Les sanctions américaines contre Ankara risquent de porter un coup sévère aux capacités militaires turques

En 2019, les États-Unis décidèrent d’exclure la Turquie du programme d’avions de combat F-35 en raison de son achat du système russe de défense aérienne S-400, jugé incompatible avec ceux utilisés au sein de l’Otan.

En retour, les autorités turques firent valoir qu’aucune alternative ne leur avait été proposée [alors qu’elles avaient lancé un appel d’offres pour lequel le Patriot PAC-3 américain et le SAMP/T européen furent soumis] et que d’autres pays de l’Otan, comme la Grèce et la Bulgarie, disposaient également de systèmes russes de défense aérienne, en l’occurrence des S-300. En outre, elles affirmèrent que les S-400 ne seraient pas connectés aux systèmes de l’Alliance.

Cependant, cette exclusion du programme F-35 ne sembla pas gêner Ankara outre mesure. Dans la foulée, le président turc, Recep Tayyip Erdogan, évoqua une solution de substitution avec l’achat possible de chasseurs multirôles Su-35 auprès de la Russie. Voire de Su-57 « Felon », Moscou ayant même évoqué une participation industrielle turque dans ce projet d’avion de combat de 5e génération.

Depuis, et alors que ses actions en Méditerranée orientale, en Libye, dans le nord de la Syrie et de l’Irak ainsi qu’au Haut-Karabakh ont donné lieu à des tensions, parfois vives, avec plusieurs membres de l’Otan, la Turquie a fait fi de tous les avertissements en testant le système S-400 en octobre dernier. « Notre position a toujours été claire et elle n’a pas changé : un système S-400 opérationnel n’est pas compatible avec les engagements pris par la Turquie en tant qu’allié des Etats-Unis et de l’Otan », a alors commenté le Pentagone, prévenant Ankara de « conséquences graves ».

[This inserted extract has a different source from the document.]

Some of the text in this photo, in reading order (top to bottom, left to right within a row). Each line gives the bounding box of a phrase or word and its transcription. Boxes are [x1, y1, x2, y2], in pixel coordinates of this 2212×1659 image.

Dans le même temps, au Congrès, plusieurs élus ont fait pression pour appliquer à la Turquie les rigueurs de la loi dite CAATSA [Countering America’s Adversaries Through Sanctions Act], laquelle vise à prendre des mesures contre les pays ayant conclu des contrats avec l’industrie russe de l’armement. D’ailleurs, la loi de financement du Pentagone, adoptée ces derniers jours, demande à l’administration américaine de prendre des sanctions à l’égard d’Ankara dans les 30 jours suivant sa promulgation.

Cela étant, et sans attendre davantage, le chef de la diplomatie américaine, Mike Pompeo, a annoncé, le 14 décembre, des sanctions contre le SSB, l’agence du ministère turc de la Défense chargée des contrats d’armements. Désormais, Washington s’interdit de lui attribuer toute licence d’exportation.

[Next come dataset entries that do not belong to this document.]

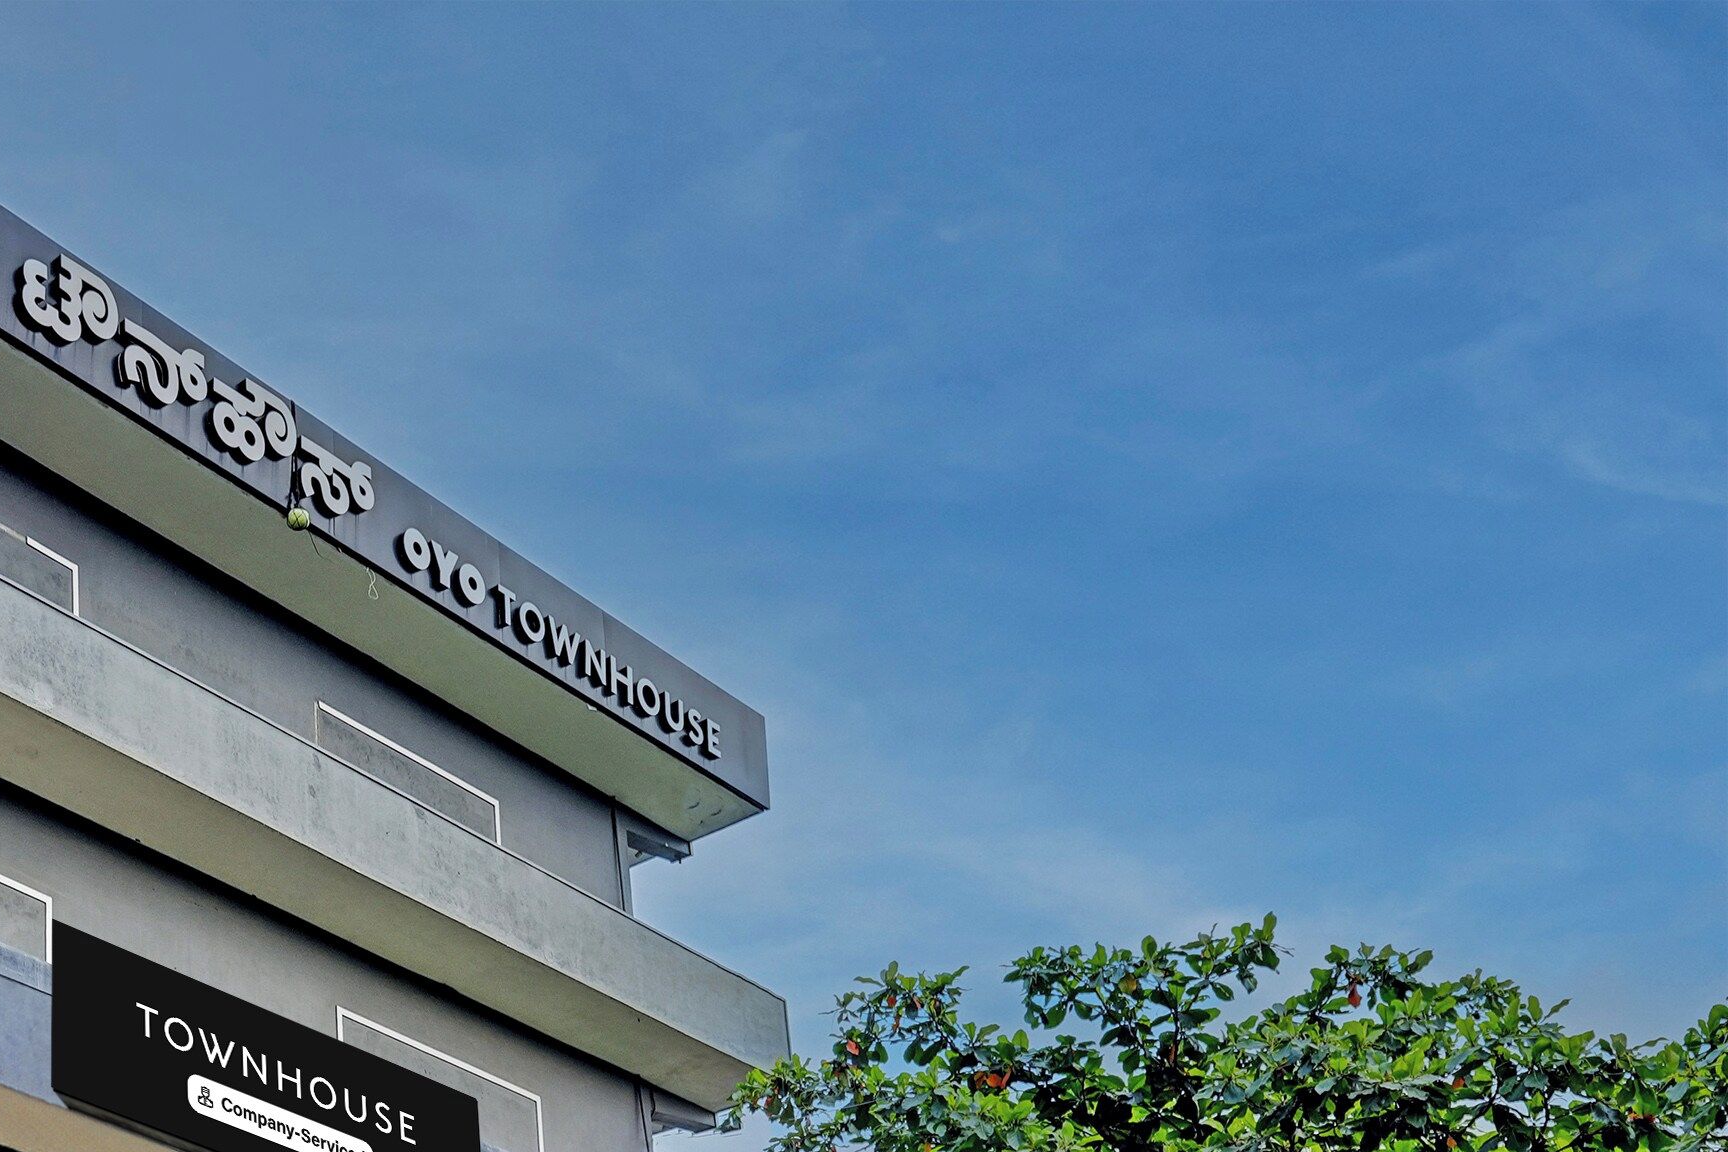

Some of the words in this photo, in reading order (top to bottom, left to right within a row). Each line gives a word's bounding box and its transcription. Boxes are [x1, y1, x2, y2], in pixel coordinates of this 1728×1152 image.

[403, 527, 487, 606] OYO
[496, 584, 723, 759] TOWNHOUSE
[135, 1001, 418, 1147] TOWNHOUSE
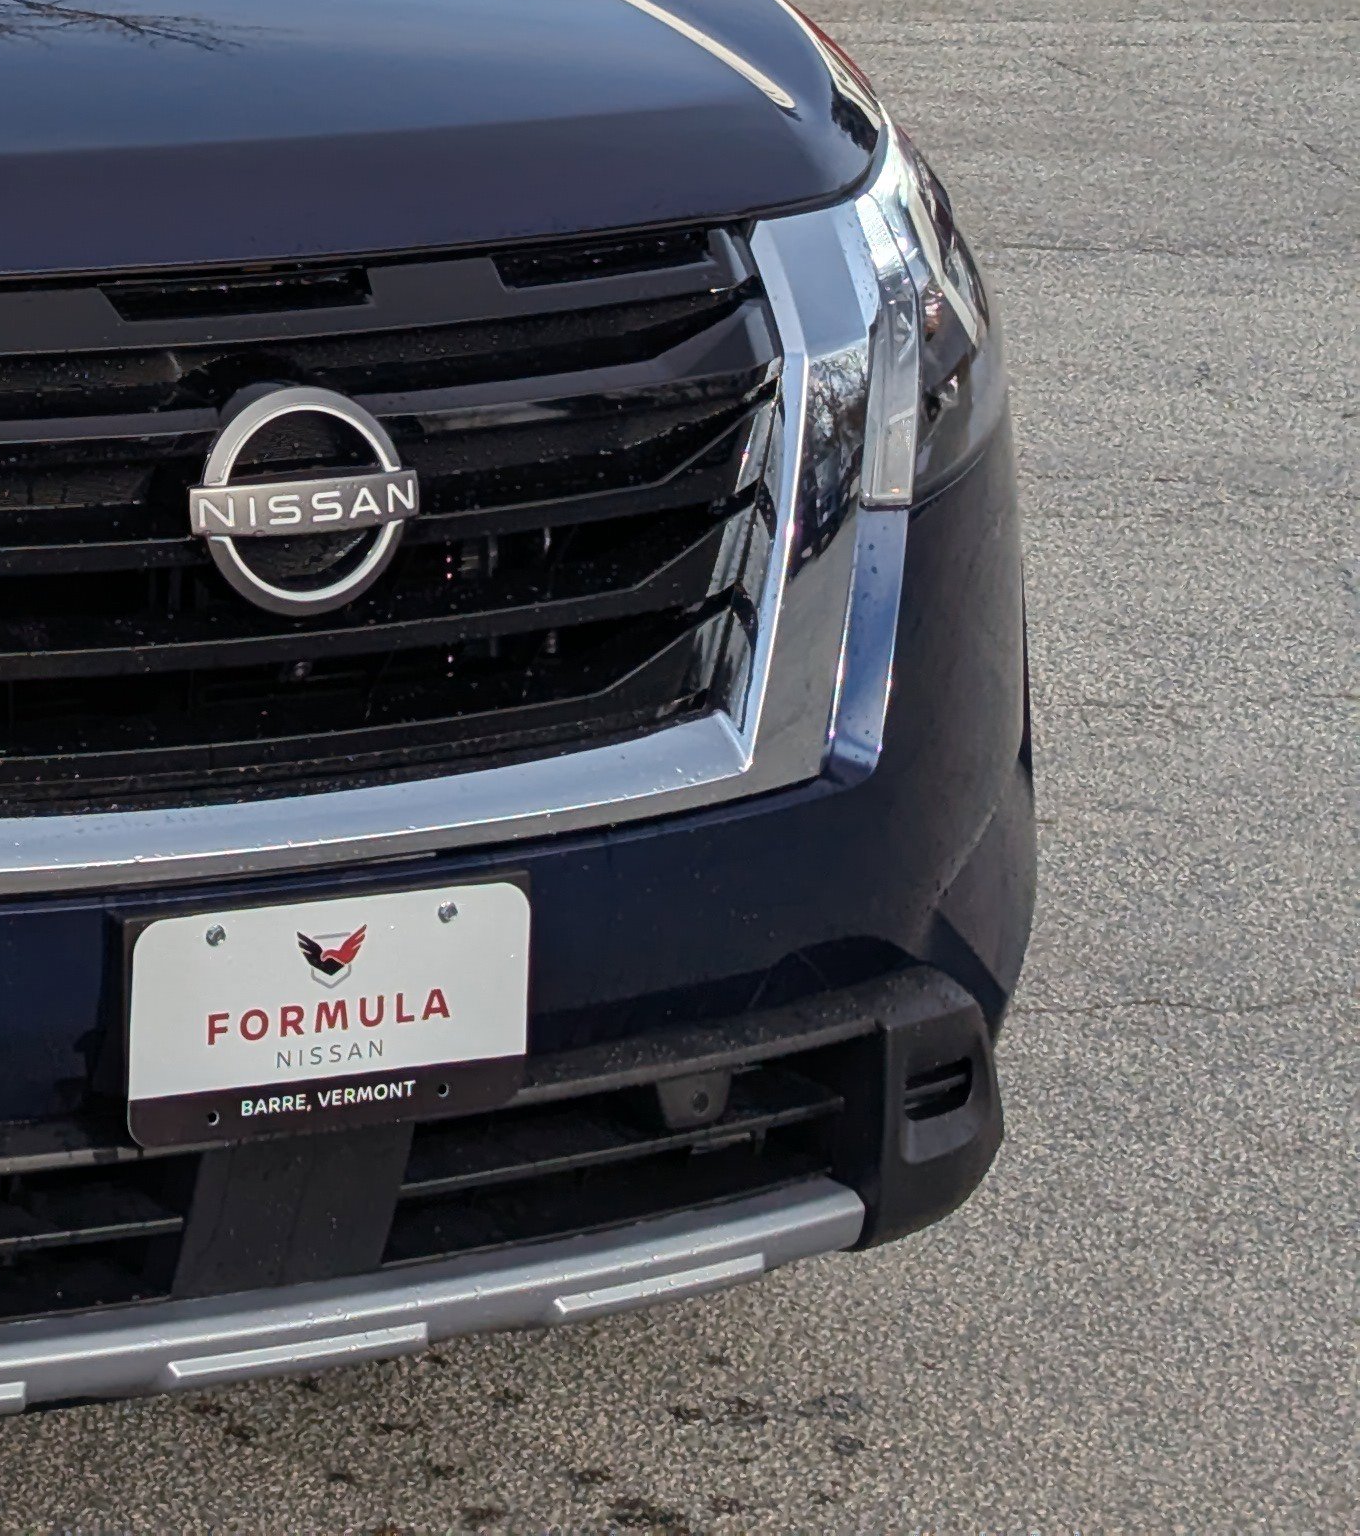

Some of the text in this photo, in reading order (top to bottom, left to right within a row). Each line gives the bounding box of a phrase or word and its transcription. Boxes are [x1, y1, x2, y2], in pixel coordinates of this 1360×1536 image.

[197, 479, 416, 528] NISSAN
[206, 987, 451, 1046] FORMULA
[275, 1039, 385, 1070] NISSAN
[240, 1080, 417, 1117] BARRE, VERMONT

« Les mesures prises aujourd’hui signalent clairement que les États-Unis […] ne tolèreront pas de transactions importantes avec les secteurs russes de la défense et du renseignement », a-t-il justifié.

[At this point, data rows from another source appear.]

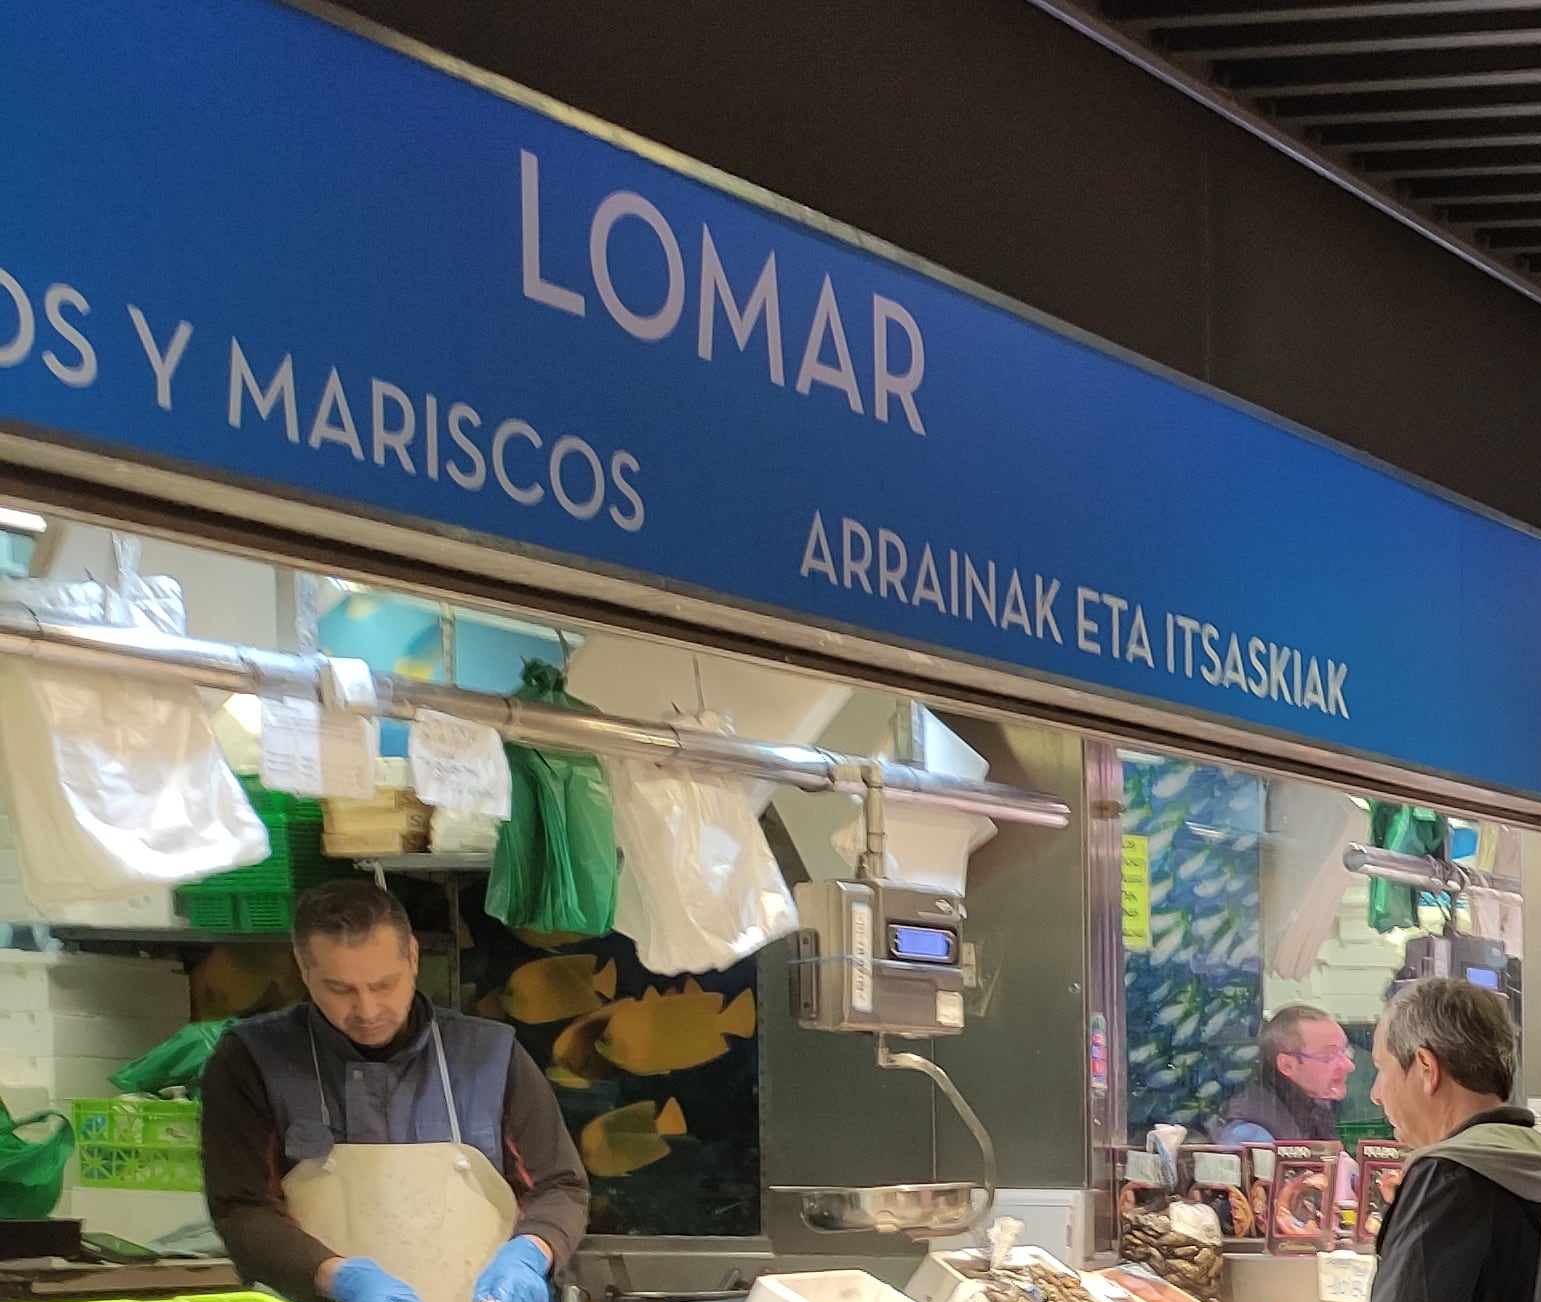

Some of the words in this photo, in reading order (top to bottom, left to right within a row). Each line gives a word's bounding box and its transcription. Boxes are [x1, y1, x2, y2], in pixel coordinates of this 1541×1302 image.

[520, 149, 928, 436] LOMAR
[127, 303, 193, 410] Y
[227, 336, 648, 533] MARISCOS
[800, 509, 1064, 645] ARRAINAK
[1076, 585, 1155, 669] ETA
[1166, 611, 1351, 720] ITSASKIAK

En outre, le directeur du SSB, Ismail Demir, ainsi que d’autres responsables seront sanctionnés financièrement.

« Les États-Unis avaient clairement fait savoir à la Turquie, aux plus hauts niveaux et à de multiples reprises, que l’achat des systèmes S-400 représenterait un danger pour la sécurité des technologies et du personnel militaires américains et qu’il apporterait des fonds importants au secteur russe de la défense tout en lui donnant accès aux forces armées et à l’industrie de défense de la Turquie », a rappelé M. Pompeo. « La Turquie a pourtant décidé de procéder à l’achat des S-400 et de les tester, bien qu’il existe des alternatives compatibles avec les systèmes de l’Otan pour répondre à ses besoins de défense », a-t-il insisté.

Certes, les sanctions annoncées par Washington ne devraient pas avoir de conséquences irrémédiables sur l’économie de la Turquie. En revanche, elles vont compliquer le maintien en condition opérationnelle [MCO] des équipements mis en oeuvre par les forces armées turques et entraver les programmes en cours de sa base industrielle et technologique de défense [BITD] ayant des composants soumis à la norme ITAR [International Traffic in Arms Regulations].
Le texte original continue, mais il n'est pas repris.